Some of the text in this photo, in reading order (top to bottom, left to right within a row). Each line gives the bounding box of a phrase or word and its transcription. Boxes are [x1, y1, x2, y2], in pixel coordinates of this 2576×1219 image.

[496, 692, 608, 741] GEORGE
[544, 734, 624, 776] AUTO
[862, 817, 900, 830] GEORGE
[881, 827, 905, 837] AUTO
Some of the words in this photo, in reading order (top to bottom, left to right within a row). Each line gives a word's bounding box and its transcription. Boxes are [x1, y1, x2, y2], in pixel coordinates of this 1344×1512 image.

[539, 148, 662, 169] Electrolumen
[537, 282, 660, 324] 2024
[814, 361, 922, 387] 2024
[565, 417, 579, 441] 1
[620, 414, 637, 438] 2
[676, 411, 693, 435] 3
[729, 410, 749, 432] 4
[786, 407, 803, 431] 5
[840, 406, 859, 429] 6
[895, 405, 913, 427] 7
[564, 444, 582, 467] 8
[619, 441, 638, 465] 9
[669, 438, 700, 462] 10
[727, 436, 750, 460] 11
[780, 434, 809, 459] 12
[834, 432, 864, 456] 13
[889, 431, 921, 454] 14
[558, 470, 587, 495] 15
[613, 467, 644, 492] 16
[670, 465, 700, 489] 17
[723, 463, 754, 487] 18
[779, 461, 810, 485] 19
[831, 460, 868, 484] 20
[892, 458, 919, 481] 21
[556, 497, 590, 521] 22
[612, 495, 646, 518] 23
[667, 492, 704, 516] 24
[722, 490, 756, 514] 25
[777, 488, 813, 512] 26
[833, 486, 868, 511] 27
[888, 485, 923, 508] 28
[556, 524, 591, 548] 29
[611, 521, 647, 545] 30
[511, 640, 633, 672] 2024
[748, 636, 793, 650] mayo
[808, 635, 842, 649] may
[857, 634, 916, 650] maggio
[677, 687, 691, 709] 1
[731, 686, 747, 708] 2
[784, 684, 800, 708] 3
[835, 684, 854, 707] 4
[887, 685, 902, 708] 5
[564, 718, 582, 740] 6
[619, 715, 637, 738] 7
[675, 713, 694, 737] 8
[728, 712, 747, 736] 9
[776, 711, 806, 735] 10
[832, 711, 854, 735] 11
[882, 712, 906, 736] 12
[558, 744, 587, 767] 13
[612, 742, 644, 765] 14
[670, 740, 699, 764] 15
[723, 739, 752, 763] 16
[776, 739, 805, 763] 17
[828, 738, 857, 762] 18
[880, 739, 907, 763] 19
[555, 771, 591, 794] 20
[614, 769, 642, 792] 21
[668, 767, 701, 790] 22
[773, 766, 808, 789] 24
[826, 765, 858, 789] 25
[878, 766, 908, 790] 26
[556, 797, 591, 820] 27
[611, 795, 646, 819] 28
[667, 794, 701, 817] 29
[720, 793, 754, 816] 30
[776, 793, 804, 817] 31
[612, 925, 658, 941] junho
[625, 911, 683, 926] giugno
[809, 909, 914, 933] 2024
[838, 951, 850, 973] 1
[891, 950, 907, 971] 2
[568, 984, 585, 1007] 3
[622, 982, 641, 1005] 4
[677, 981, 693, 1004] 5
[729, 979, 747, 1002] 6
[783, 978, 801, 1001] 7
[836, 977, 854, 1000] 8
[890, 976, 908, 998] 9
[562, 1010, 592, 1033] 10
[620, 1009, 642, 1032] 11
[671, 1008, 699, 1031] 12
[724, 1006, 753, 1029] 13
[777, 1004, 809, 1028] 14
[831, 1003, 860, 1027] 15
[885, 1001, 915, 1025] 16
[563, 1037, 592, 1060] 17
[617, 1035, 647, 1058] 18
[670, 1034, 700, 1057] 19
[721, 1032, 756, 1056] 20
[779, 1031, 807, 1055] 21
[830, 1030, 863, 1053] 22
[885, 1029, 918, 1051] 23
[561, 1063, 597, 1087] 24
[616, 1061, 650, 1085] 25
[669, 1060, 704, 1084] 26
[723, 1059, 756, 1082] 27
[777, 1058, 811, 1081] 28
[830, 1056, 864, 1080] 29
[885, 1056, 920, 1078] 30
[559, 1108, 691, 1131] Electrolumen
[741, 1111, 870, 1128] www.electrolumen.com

****************************************

» **WHAT THE TASK ASKS**
For every line of the material that holds the word "order", make a copy.

» **ANSWER BELOW**
Some of the text in this photo, in reading order (top to bottom, left to right within a row). Each line gives the bounding box of a phrase or word and its transcription. Boxes are [x1, y1, x2, y2], in pixel coordinates of this 2576×1219 image.
Some of the words in this photo, in reading order (top to bottom, left to right within a row). Each line gives a word's bounding box and its transcription. Boxes are [x1, y1, x2, y2], in pixel coordinates of this 1344×1512 image.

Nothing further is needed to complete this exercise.